CO2 and temperature treatments

The [CO2] in the chambers was controlled by a 12-channel measurement and control system using ADC WA 526 IRGA (Infra-Red Gas Analyser) manufactured by ADC, Unit 35, Hoddesdon Industrial Centre, Pindar Road, Hoddesdon, Herts., UK. The system sampled each chamber in turns and delivered (pure) CO2 to each chamber via 12 solenoid valves, according to a calculation based on the difference between the reading and the set point. The sampling ‘dwell’ on each chamber was 40 s, so it sampled each chamber once every 5.3 min (8 chambers×40 s) and CO2 was delivered after recalculating the valve opening based on the reading and the set point. Two independent sets of plants were maintained at ambient (380 ppm) or elevated (760 ppm) [CO2] for the entire growth period except during anthesis, when one of the two sets was exposed to either 35 °C or 38 °C for 5 d. The transition time from day-time maximum to night-time minimum was 5 h. A square wave heat treatment was applied to overcome the potentially confounding effects of gradually increasing temperature (Jagadish , 2008, 2010, ). There were therefore six combinations of temperature and [CO2]: (i) ambient temperature and CO2 (29 °C and 380 ppm CO2), (ii) ambient temperature and elevated CO2 (29 °C and 760 ppm CO2), (iii) 35 °C at anthesis and 380 ppm CO2, (iv) 35 °C at anthesis and 760 ppm CO2, (v) 38 °C at anthesis and 380 ppm CO2, and (vi) 38 °C at anthesis and 760 ppm CO2. Apart from the change in conditions during the treatment period, all other aspects relating to the environmental conditions in the growth chamber were identical to those described earlier. For the high-temperature treatments, at the initiation of anthesis (identified by the protruding anthers), four replicate plants from both ambient and elevated [CO2] were transferred into growth chambers maintained at either 35 °C or 38 °C between 09.00 h and 15.00 h to impose treatments (iii) to (vi), while another set of four plants was left undisturbed in the chambers to impose treatments (i) and (ii). The experimental design for the analysis of temperature and [CO2] treatments was therefore six treatments in two replicated blocks (growth chambers) each with four replicate plants (pots) per growth cabinet, i.e. n=8 observations per treatment.
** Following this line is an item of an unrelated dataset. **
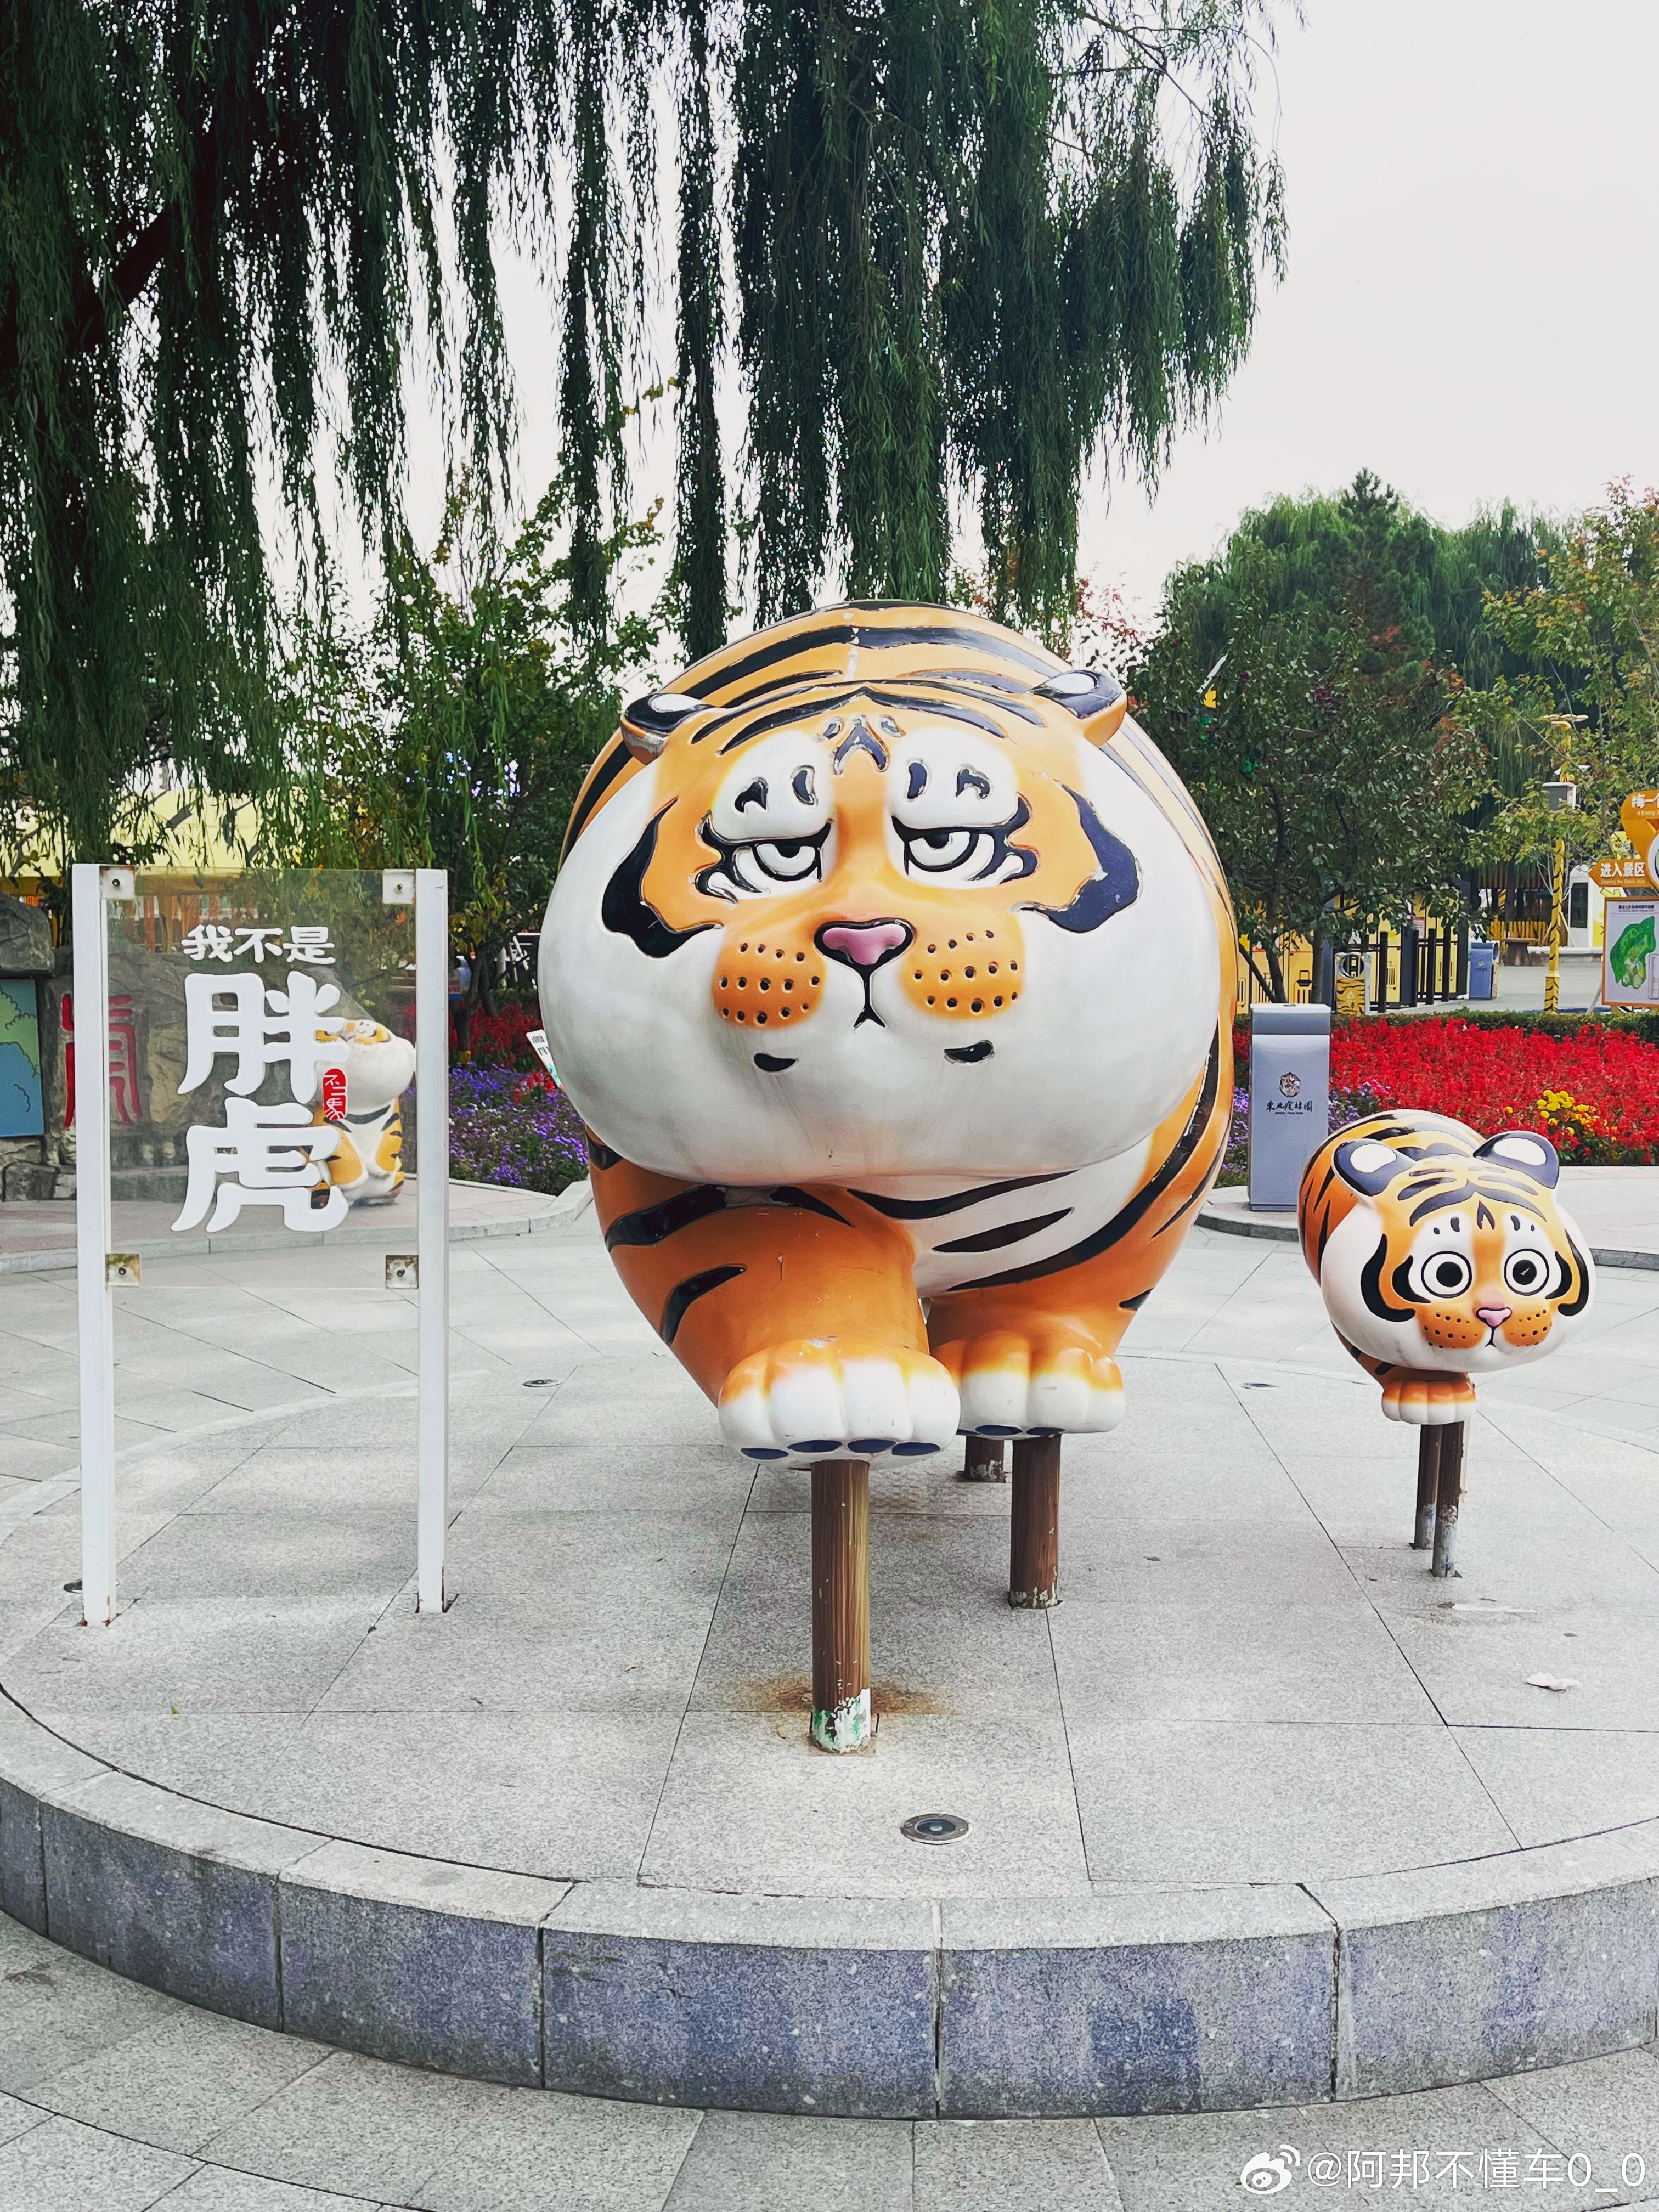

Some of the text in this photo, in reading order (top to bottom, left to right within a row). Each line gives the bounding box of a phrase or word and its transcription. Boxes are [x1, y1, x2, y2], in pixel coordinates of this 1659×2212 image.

[1600, 862, 1645, 878] 进入景区
[181, 924, 335, 964] 我不是
[171, 970, 350, 1233] 胖虎
Main tiller panicles were tagged and seed-set was measured on these panicles. Any spikelets that underwent anthesis (i.e. with a visible anther) outside the 5 d temperature treatment period were marked with acrylic paint and were not included in further analyses (Jagadish ). The majority of the unmarked spikelets on the main tiller exposed to the stress treatments were located toward the top of the panicle and had finished flowering within the experimental treatment period of 5 d (Table 1). In all three gentoypes, across each treatment more than 100 spikelets were used for determining the seed-set, except in IR64 under 29 °C (n=92) and 35 °C (n=89) under ambient [CO2]. Around 100 spikelets are considered as a threshold level for estimating seed-set under high temperature stress in rice.

Table 1.

Average number of spikelets on the main tiller exposed to stress treatments (unmarked) at flowering and the remaining number of spikelets flowering under ambient conditions (marked)

CO2 (ppm)	Temperature (°C)	Genotype/hybrid	No. of unmarked spikelets	No. of marked spikeletsa
380	29	IR64	94.0±5.28	*
		IR75217H	169.3±9.79	*
		N22	116.4±4.18	*
	35	IR64	78.6±2.65	34.0±3.0
		IR75217H	172.0±5.67	53.2±2.94
		N22	93.7±3.25	23.4±2.31
	38	IR64	93.7±4.81	25.9±2.47
		IR75217H	156.6±4.27	71.1±3.17
		N22	98.5±2.89	26.4±1.94
760	29	IR64	129.9±5.71	*
		IR75217H	209.6±12.2	*
		N22	118.7±4.53	*
	35	IR64	100.3±5.20	31.3±2.43
		IR75217H	168.1±5.50	68.5±2.90
		N22	104.9±2.94	28.1±2.00
	38	IR64	111.9±2.53	28.1±1.70
		IR75217H	170.1±5.66	77.3±2.71
		N22	104.4±2.74	30.6±1.77

Indicates that spikelets that flowered on the main panicle under ambient conditions were not marked.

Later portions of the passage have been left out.